NASA satellite of the Explorer program

The Extreme Ultraviolet Explorer (EUVE or Explorer 67) was a NASA space telescope for ultraviolet astronomy. EUVE was a part of NASA's Explorer spacecraft series. Launched on 7 June 1992 with instruments for ultraviolet (UV) radiation between wavelengths of 7 and 76 nm (equivalent to 0.016–0.163 keV in energy), the EUVE was the first satellite mission especially for the short-wave ultraviolet range. The satellite compiled an all-sky survey of 801 astronomical targets before being decommissioned on 31 January 2001.

== Mission ==
The Extreme-Ultraviolet Explorer (EUVE) was a spinning spacecraft designed to rotate about the Earth/Sun line. EUVE was a part of NASA's Explorer spacecraft series and designed to operate in the extreme ultraviolet (EUV) range of the spectrum, from 70 to 760 Ångström (Å). This spacecraft's objective was to carry out a full-sky survey, and subsequently, a deep survey and pointed observations. Science objectives included discovering and studying UV sources radiating in this spectral region, and analyzing effects of the interstellar medium on the radiation from these sources. The proposal for the craft originated with the Space Astrophysics Group at the University of California Berkeley who had previously been involved with the EUV telescope on the Apollo element of the Apollo–Soyuz mission.

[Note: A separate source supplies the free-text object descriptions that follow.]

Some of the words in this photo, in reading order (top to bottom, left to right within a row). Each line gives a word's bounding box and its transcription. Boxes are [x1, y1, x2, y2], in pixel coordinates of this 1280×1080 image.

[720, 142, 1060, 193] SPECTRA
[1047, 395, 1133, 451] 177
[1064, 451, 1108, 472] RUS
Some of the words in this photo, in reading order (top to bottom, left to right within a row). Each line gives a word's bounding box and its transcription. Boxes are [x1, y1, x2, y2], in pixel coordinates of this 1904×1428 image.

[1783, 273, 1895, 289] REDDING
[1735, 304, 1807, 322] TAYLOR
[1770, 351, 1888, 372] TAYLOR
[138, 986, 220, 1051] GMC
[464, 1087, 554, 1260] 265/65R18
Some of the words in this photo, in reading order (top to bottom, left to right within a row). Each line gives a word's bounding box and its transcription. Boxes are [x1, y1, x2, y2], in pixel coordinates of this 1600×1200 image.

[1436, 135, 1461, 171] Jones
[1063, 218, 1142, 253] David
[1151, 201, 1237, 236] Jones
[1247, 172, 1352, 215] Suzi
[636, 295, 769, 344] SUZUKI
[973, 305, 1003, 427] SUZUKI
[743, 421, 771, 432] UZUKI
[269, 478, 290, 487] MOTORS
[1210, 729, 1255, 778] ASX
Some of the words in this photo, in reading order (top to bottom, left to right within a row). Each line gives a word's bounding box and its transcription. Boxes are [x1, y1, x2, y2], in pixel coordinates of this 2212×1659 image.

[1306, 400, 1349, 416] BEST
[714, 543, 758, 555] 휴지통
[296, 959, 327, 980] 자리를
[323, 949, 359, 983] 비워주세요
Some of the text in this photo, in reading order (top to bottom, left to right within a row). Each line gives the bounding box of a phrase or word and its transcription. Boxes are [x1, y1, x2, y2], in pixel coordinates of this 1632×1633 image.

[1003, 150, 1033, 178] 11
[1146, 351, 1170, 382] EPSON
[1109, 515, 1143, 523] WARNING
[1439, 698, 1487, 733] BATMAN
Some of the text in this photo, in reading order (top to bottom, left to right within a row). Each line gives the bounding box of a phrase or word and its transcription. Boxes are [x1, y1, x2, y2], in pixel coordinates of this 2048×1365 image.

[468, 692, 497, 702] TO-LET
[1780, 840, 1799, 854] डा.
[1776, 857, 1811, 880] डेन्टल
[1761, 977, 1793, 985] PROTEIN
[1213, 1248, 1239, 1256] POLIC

The full-sky survey was accomplished by three Wolter-Schwarzschild grazing-incidence telescopes. During the sky survey, the satellite was spun three times per orbit to image a 2° wide band of sky in each of four EUV passbands. The deep survey was accomplished with a fourth Wolter-Schwarzschild grazing-incidence telescope, within a 2 × 180° region of sky. This telescope was also used for three-EUV bandpass spectroscopy of individual sources, providing ~ 1–2 Å resolution spectra.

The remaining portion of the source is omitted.